In the last few months, as the COVID-19 pandemic gripped 180+ countries and regions, there has been much talk about the clouds of impending doom and gloom hovering over economies. Most definitely, this includes venture capital (VC) as well. To satisfy my curiosity, I looked at how the global VC ecosystem has fared since 23rd January 2020. This date marks the day that China announced its lockdown on the back of an increased in the number of cases and confirmation of human to human transmission. It is a definite marker in the calendar from where the situation related to the spread of the coronavirus escalated exponentially and started effecting professional and personal lives across the world.
Using Crunchbase as the primary source of information, I looked at all the equity funding deals between 23 January 2020 and 12 April 2020 across US, UK, European Union, China and India. These regions should include all the major tech hubs in the world and the comparison with last year should give a fair idea (even if not exact) of how 2020 fared compared to previous years. Furthermore, for this analysis, only the deals which are categorised in Crunchbase as Angel, Pre-Seed, Seed, Series ‘A – J’, Venture – Series Unknown and Convertible notes are included. I understand that these trends might evolve and could look very different two months down the line. It would be good to do another similar ‘check-in’ post-summer when this crisis is hopefully behind us.

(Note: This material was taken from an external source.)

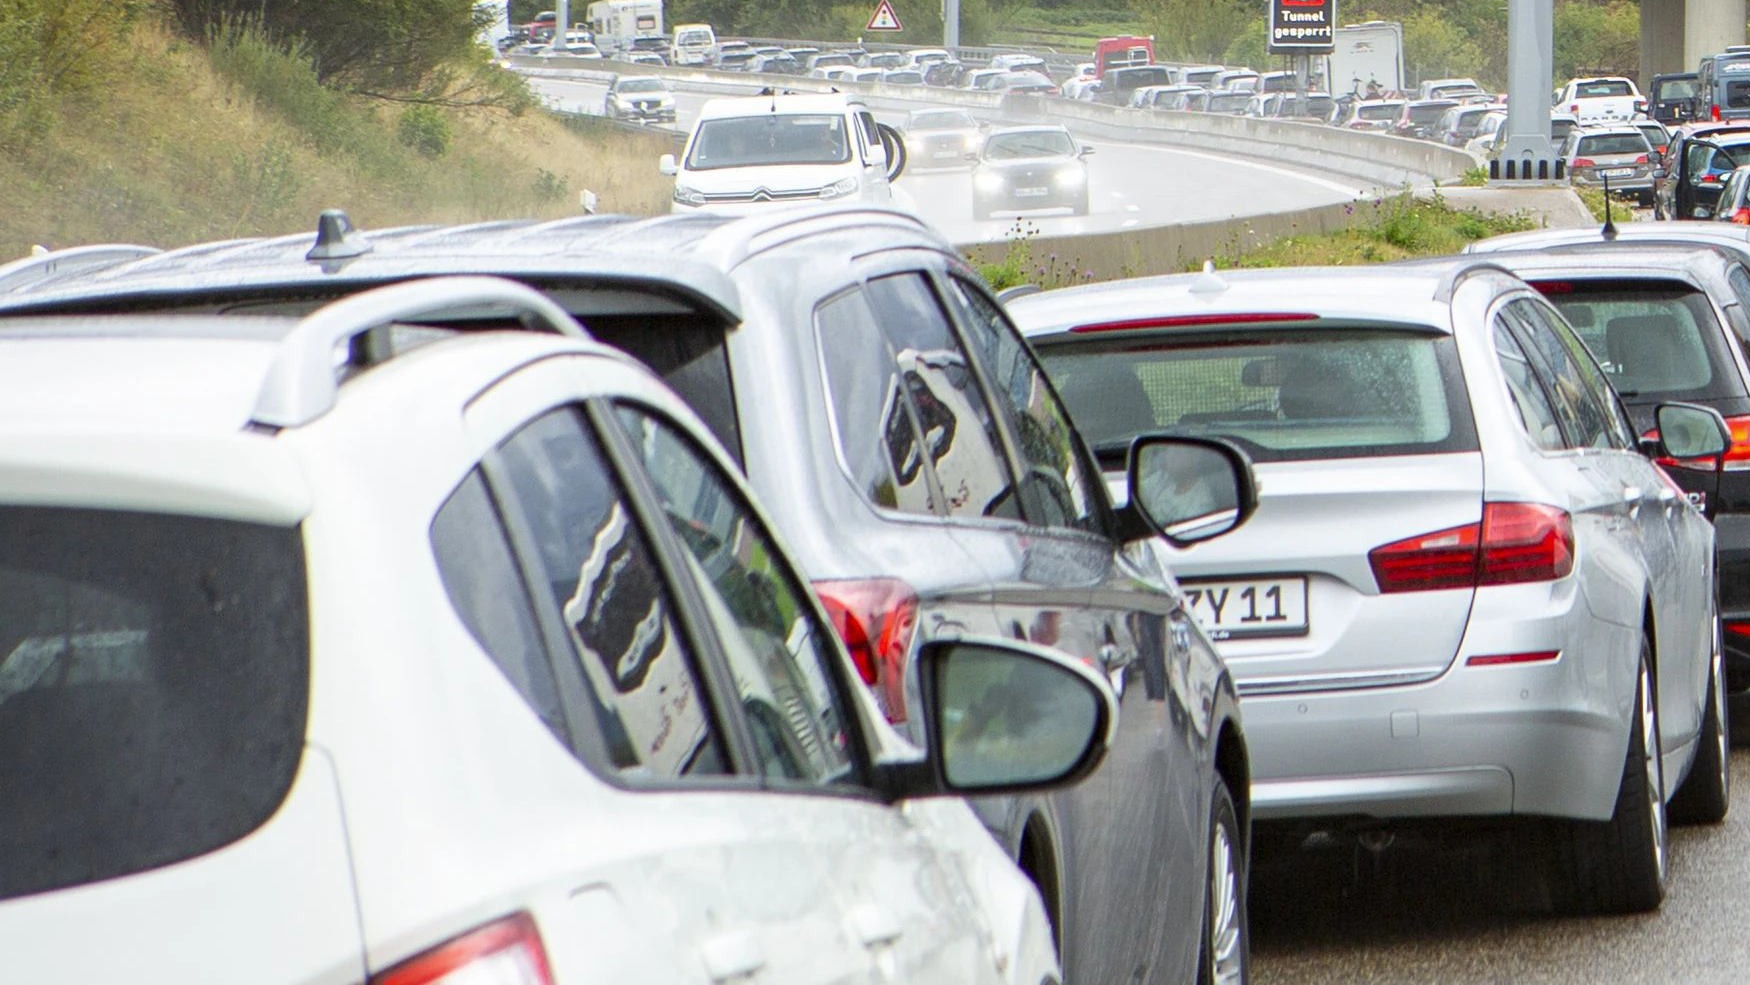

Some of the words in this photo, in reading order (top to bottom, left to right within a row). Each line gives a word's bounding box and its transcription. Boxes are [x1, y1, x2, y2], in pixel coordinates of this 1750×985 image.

[1281, 11, 1325, 22] Tunnel
[1275, 26, 1331, 38] gesperrt
[1241, 585, 1287, 622] 11

Starting with the UK, this year has been positive as of now. Companies received an investment of c.$2.5 billion across 276 deals for the above-mentioned period in 2020. In 2019, the total investment for the same period was $2.1 billion across 422 deals. This year, the UK has seen many large funding rounds including Revolut ($500 million), Graphcore ($150 million) and Immunocore ($130 million) among others. In 2019, only OakNorth ($440 million) received funding of more than $100 million during the same period.
Similarly, in 2020, India also saw a slight uptick in investments which were worth $1.9 billion across 232 deals. For the same period in 2019, investments of around $1.8 billion were made across 243 deals in the country.
Companies in the European Union (excluding the UK) have seen a slight decline this year and received c.$3.3 billion in funding across 478 deals in 2020 compared to c.$4.0 billion across 795 deals in the same period in 2019.
A similar trend is seen in the US, where around 1,215 deals garnered an investment of $22 billion in private/tech companies for the defined period in 2020. This is slightly lower compared to last year when an investment of c.$25.6 billion was made across 2,264 deals for the same period. 2020 in the US has been characterised by fewer, larger deals as well. This includes Waymo which raised $2.3 billion in March.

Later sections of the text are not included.